Penulis: Endrapta Ibrahim Pramudhiaz
Editor: Seno Tri Sulistiyono
Laporan wartawan Tribunnews.com, Endrapta Pramudhiaz
TRIBUNNEWS.COM, JAKARTA - Realestat Indonesia (REI) buka suara soal ramainya pro-kontra terkait iuran Tabungan Perumahan Rakyat (Tapera) sebesar 3 persen yang akan diberlakukan untuk semua pekerja, termasuk karyawan swasta dan pekerja mandiri.

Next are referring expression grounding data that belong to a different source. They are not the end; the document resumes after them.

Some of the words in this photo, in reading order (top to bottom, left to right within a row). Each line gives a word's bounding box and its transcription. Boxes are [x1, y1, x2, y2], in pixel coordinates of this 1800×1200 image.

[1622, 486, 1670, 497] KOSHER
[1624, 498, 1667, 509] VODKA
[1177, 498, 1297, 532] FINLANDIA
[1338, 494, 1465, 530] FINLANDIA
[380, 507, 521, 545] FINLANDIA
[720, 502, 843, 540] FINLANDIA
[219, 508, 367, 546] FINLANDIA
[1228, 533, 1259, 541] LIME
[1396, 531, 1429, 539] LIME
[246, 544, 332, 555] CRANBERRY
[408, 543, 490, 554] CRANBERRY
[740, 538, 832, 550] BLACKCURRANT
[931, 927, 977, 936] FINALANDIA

Ketua Umum DPP REI sekaligus President FIABCI Indonesia, Joko Suranto, menilai pemerintah pasti sudah memikirkan kebijakan ini secara matang.

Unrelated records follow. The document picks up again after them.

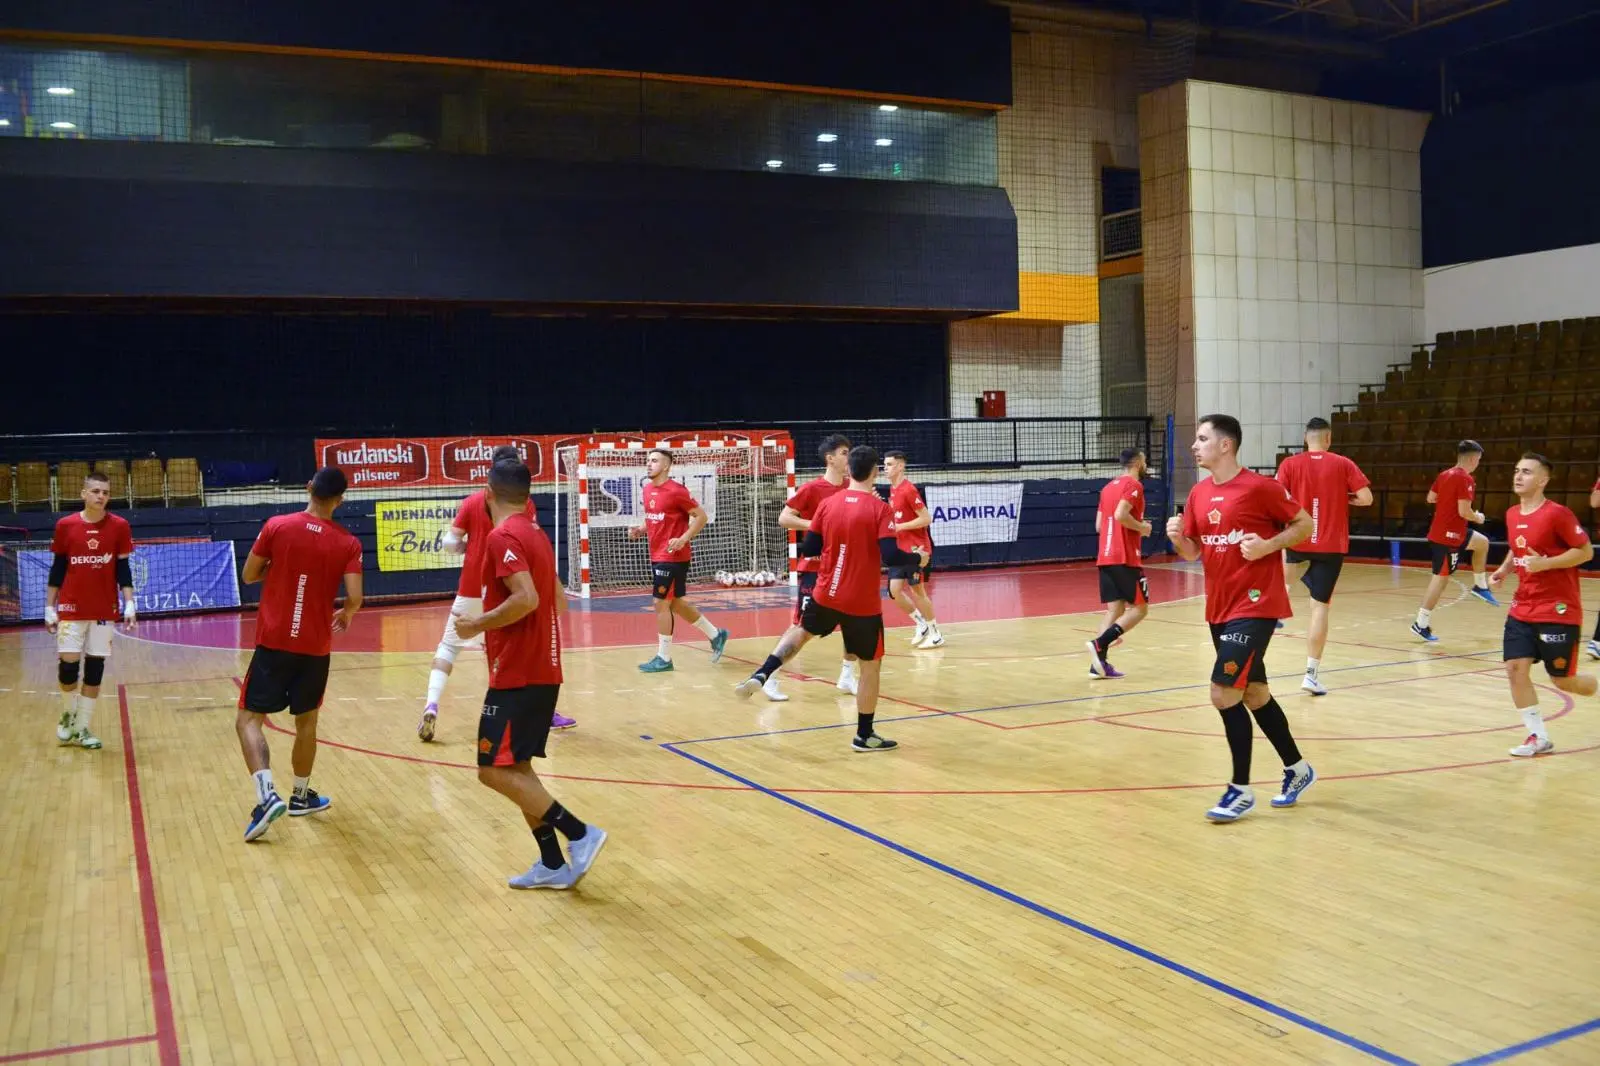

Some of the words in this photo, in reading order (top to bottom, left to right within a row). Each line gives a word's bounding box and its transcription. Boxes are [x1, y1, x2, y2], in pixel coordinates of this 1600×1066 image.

[336, 442, 413, 464] tuzlanski
[454, 439, 528, 461] tuzlai
[353, 468, 400, 484] pilsner
[382, 505, 458, 520] MJENJAČNI
[932, 503, 1017, 523] ADMIRAL
[132, 592, 203, 611] TUZLA

“Adanya program untuk pembiayaan perumahan ini tentu saja kami pandang positif terhadap industri perumahan, karena pemerintah pasti memiliki studi kajian dan pertimbangan sendiri," kata Joko dalam keterangannya, Rabu (29/5/2024).
Meski demikian, ia mengatakan pemerintah juga perlu memerhatikan situasi ekonomi dan daya beli masyarakat yang sedang tidak baik-baik saja.
Baca juga: Apa itu Tapera? Bikin Gaji Karyawan Dipotong 2,5 Persen Per Bulan, Ini Aturannya
Dia bilang, aspirasi sekaligus keberatan para pekerja dan pemberi kerja perlu didengar.
Di sisi lain, Joko menyoroti masalah transparansi pengelolaan juga harus menjadi perhatian pemerintah ke depan jika iuran Tapera ini tetap akan dijalankan.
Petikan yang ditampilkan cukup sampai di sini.